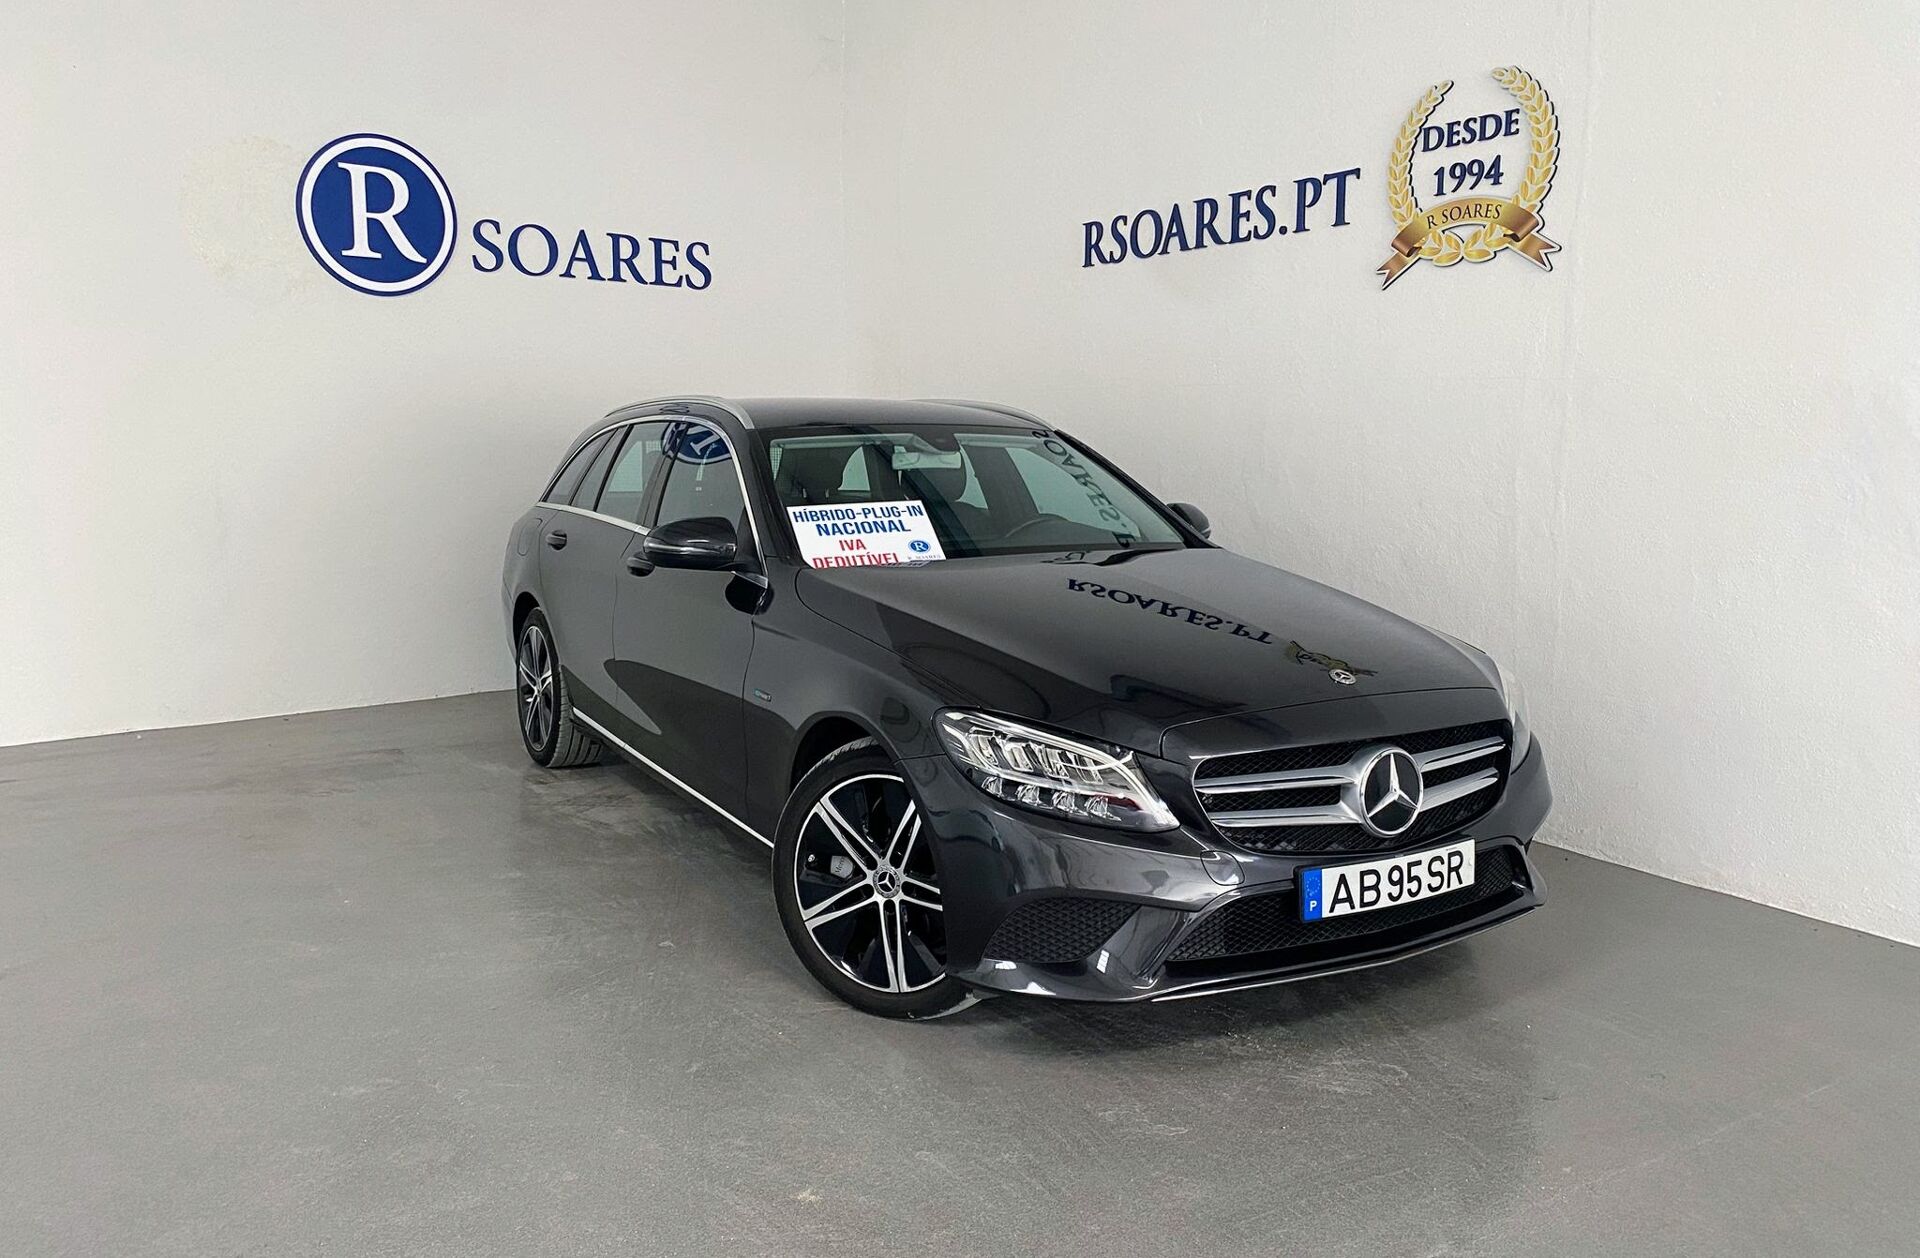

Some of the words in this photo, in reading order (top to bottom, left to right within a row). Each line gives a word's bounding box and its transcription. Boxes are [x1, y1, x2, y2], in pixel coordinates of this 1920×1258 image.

[1422, 108, 1520, 153] DESDE
[1433, 155, 1504, 197] 1994
[337, 161, 427, 264] R
[471, 218, 713, 291] SOARES
[1082, 168, 1361, 268] RSOARES.PT
[1426, 214, 1438, 229] R
[1441, 203, 1502, 224] SOARES
[792, 504, 924, 523] HÍBRIDO-PLUG-IN
[815, 519, 912, 537] NACIONAL
[839, 538, 867, 551] IVA
[1309, 900, 1318, 912] P

◆ Exercise directions: Return to the listing above and set it down exactly, leaving out its pictures.

◆ Solution for this problem:
Some of the words in this photo, in reading order (top to bottom, left to right within a row). Each line gives a word's bounding box and its transcription. Boxes are [x1, y1, x2, y2], in pixel coordinates of this 1920×1258 image.

[1422, 108, 1520, 153] DESDE
[1433, 155, 1504, 197] 1994
[337, 161, 427, 264] R
[471, 218, 713, 291] SOARES
[1082, 168, 1361, 268] RSOARES.PT
[1426, 214, 1438, 229] R
[1441, 203, 1502, 224] SOARES
[792, 504, 924, 523] HÍBRIDO-PLUG-IN
[815, 519, 912, 537] NACIONAL
[839, 538, 867, 551] IVA
[1309, 900, 1318, 912] P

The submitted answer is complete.